Harness IP CEO Ray Millien recently participated in IPWatchdog LIVE, the first in-person conference hosted by the IP news source since the pandemic began. Millien was part of a panel discussion that addressed the question, “Is the Federal Circuit Killing Software Patents?”
During the panel discussion, the group resoundingly agreed that, yes, the Federal Circuit is killing software patents. Millien elaborated on this point:
I’m going to say something controversial: All of the hardware needed for autonomous driving has already been invented. What is preventing us from having a truly autonomous car? Software. How else can all of that data be processed so the car knows whether an obstruction is a pothole or a three-year old? We’ve all been doing that since we first started driving at the age of 16 and it takes a millisecond in the brain. We cannot solve that problem without software, but once someone solves that problem, it’s an abstract idea.

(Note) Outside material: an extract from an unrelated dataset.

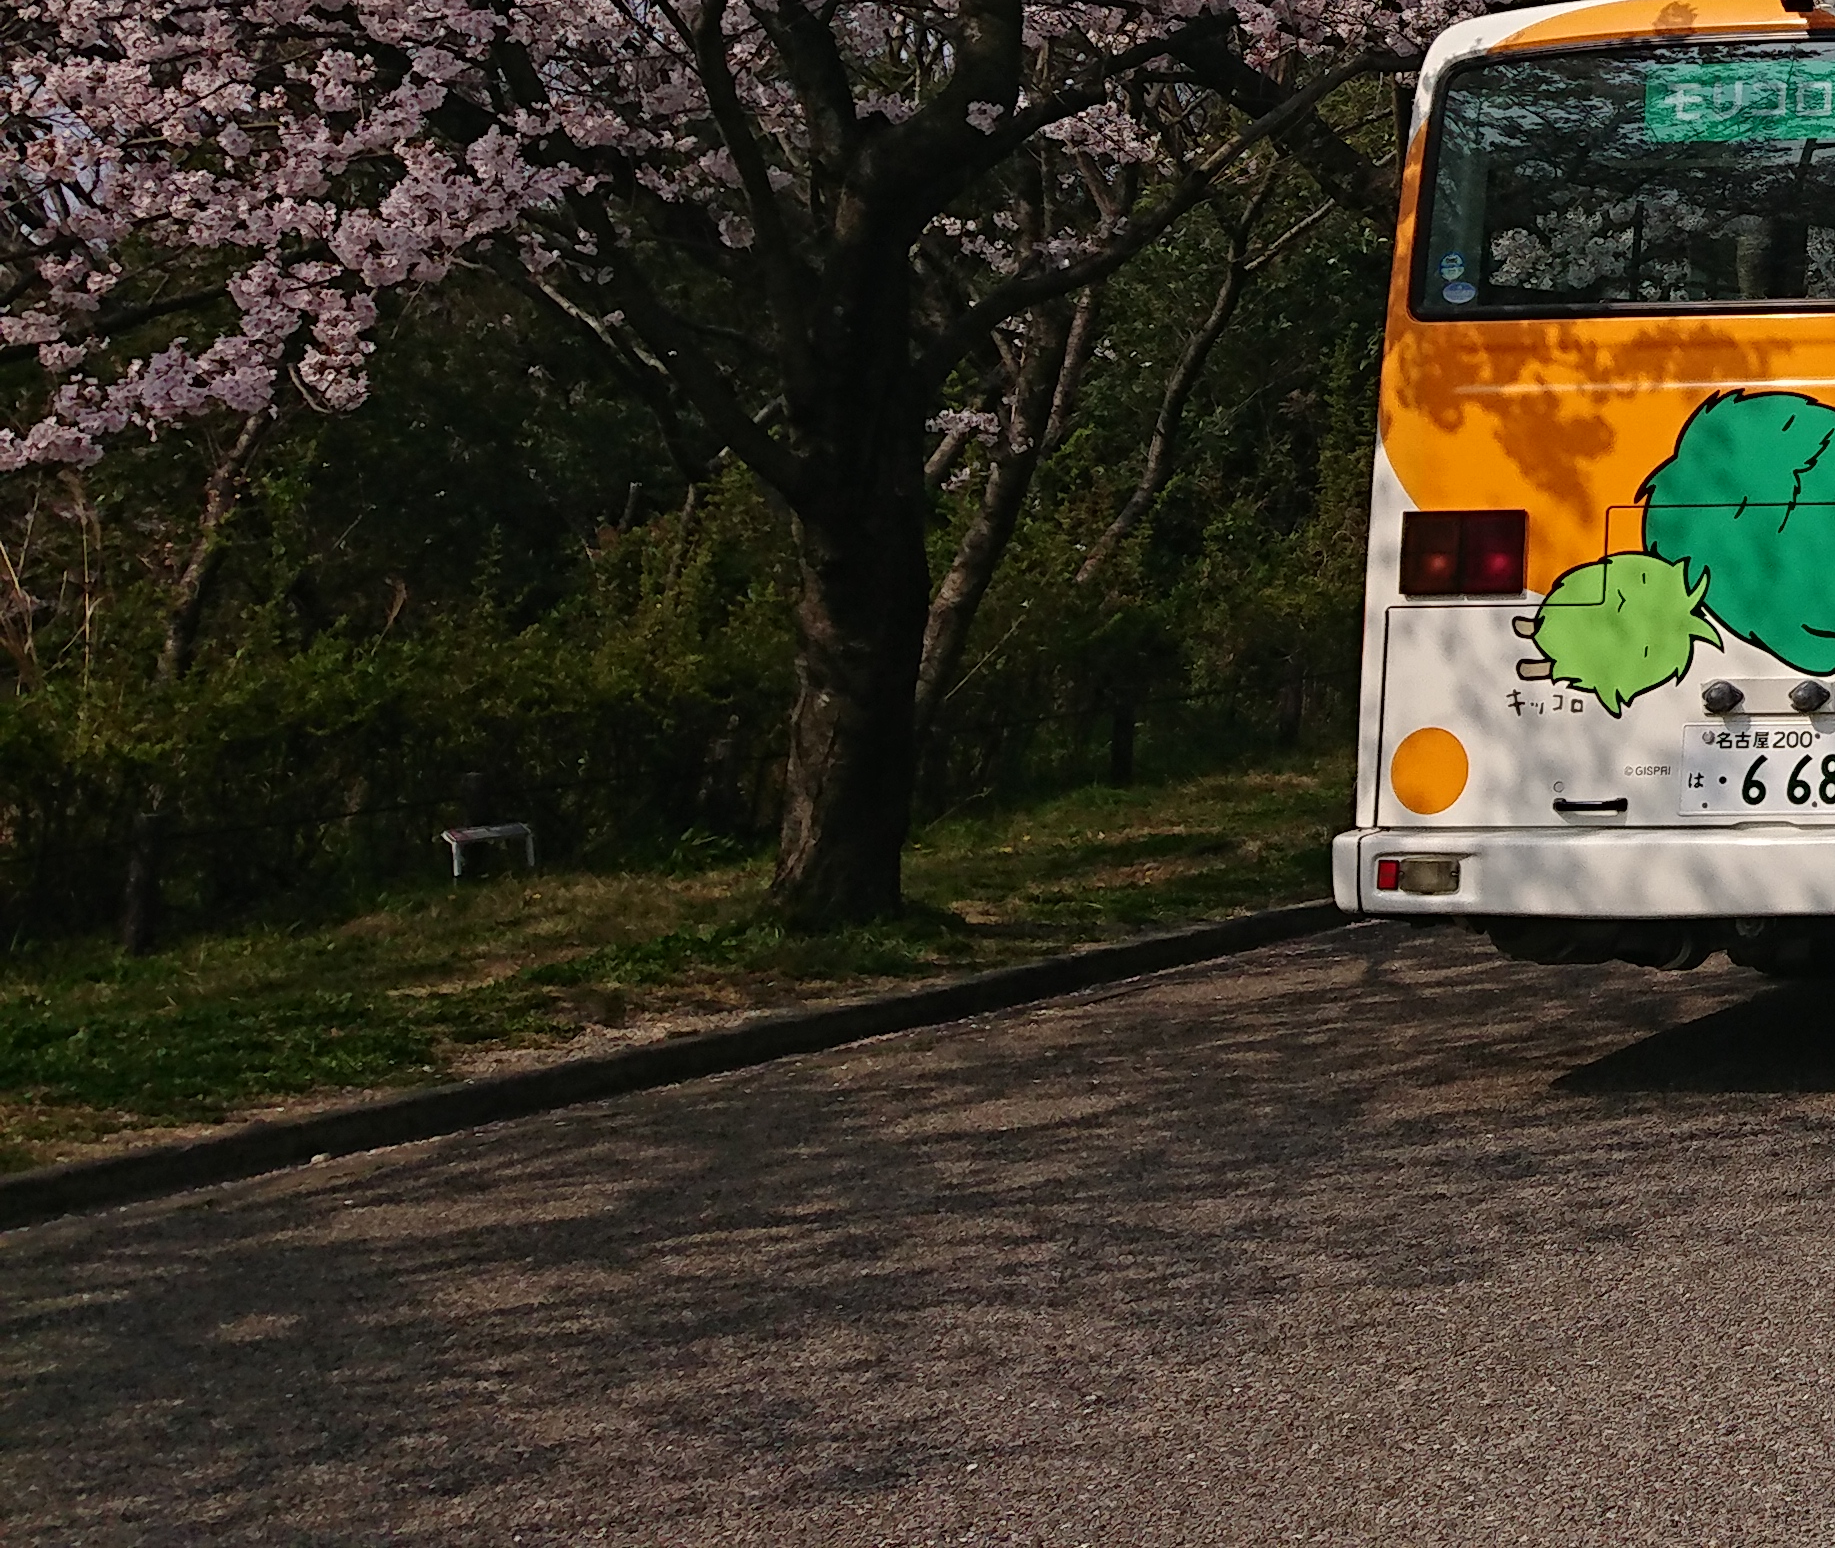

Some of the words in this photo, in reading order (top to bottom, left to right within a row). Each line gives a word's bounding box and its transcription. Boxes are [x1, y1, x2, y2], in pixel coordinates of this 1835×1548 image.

[1506, 688, 1584, 717] キッコロ
[1688, 772, 1705, 789] は

Millien cited a recent article he wrote for IPWatchdog that used data to show 63% of U.S. utility patents issued between January and June 2021 were software-related. At the same time, software patents accounted for roughly 40% of Chinese patents and less than 50% of EPO granted patents.
To put the larger problem in a context that more people can relate to, Millien once again turned to autonomous driving, urging the audience to focus their attention on what IP rights mean for inventors, scientists, and engineers working to find solutions to the software problems facing the industry. The huge sums of money auto companies spend to obtain software patents also represents an investment in their employees and a way for those employees to earn a living and support their families. Limiting the patents companies can obtain could lead to fewer opportunities for employee growth and prosperity.
As Millien puts it, “We may represent X company or Y company, but we have to remember the people behind these companies.”